Facilitating Pro-survival Mitophagy for Alleviating Parkinson’s Disease via Sequence-Targeted Lycopene Nanodots

The pathogenesis of Parkinson's disease is closely linked to impaired mitochondrial function and abnormal mitophagy. Biocompatible natural antioxidants effectively protect dopaminergic neurons. However, the main challenge in using natural antioxidants for Parkinson's disease therapy is creating a delivery platform to achieve neuron-targeted enrichment. Herein, we synthesized rationally sequence-targeted lycopene nanodots using recombinant human H-ferritin nanocages with lycopene loading into the cavity and lipophilic triphenylphosphonium (TPP) coupling on the outer surface.
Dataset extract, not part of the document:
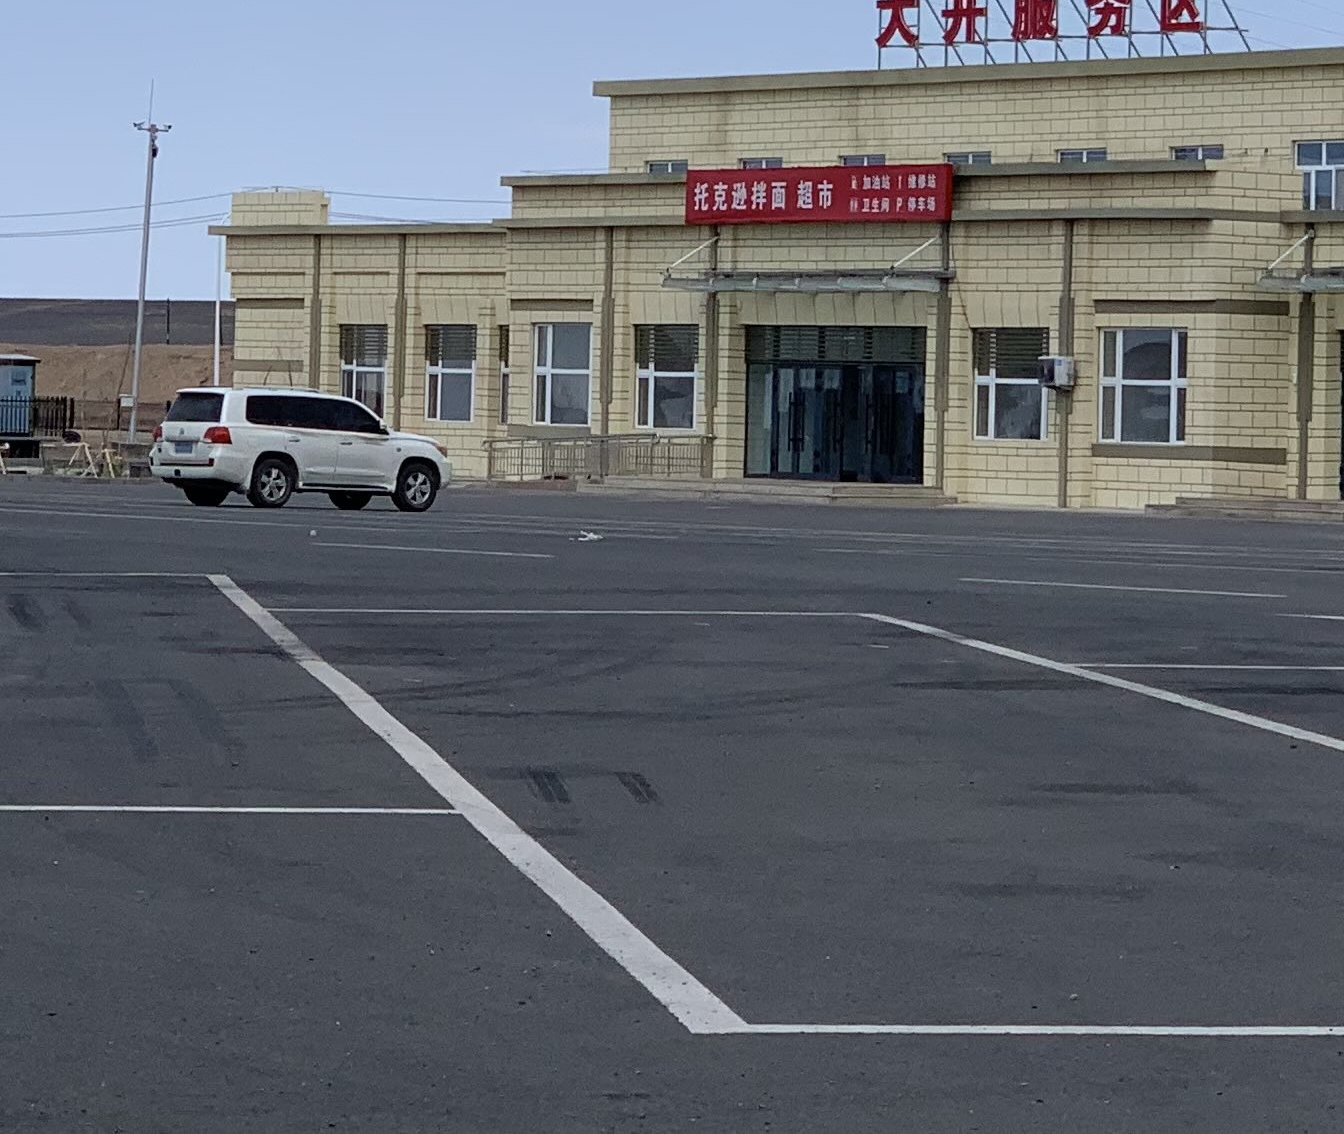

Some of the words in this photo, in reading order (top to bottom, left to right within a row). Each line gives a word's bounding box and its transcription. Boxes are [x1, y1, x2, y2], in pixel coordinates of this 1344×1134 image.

The nanodots allow for the neural enrichment and mitochondrial regulation of lycopene through blood-brain barrier transcytosis and neuronal mitochondria-targeting capability. These anti-ROS nanodots protect neuronal mitochondrial function and promote PINK1/Parkin-mediated mitophagy in MPTP toxicity-induced neurons in vivo and in vitro, which favors the secretory efflux of pathogenic α-synuclein and the survival of dopaminergic neurons. Moreover, these nanodots restore the Parkinson-like motor symptoms in Parkinson's model mice. This noninvasive sequence-targeted delivery strategy with excellent biocompatibility for pro-survival mitophagy-mediated pathology alleviation makes it a promising approach for treating and preventing Parkinson's disease.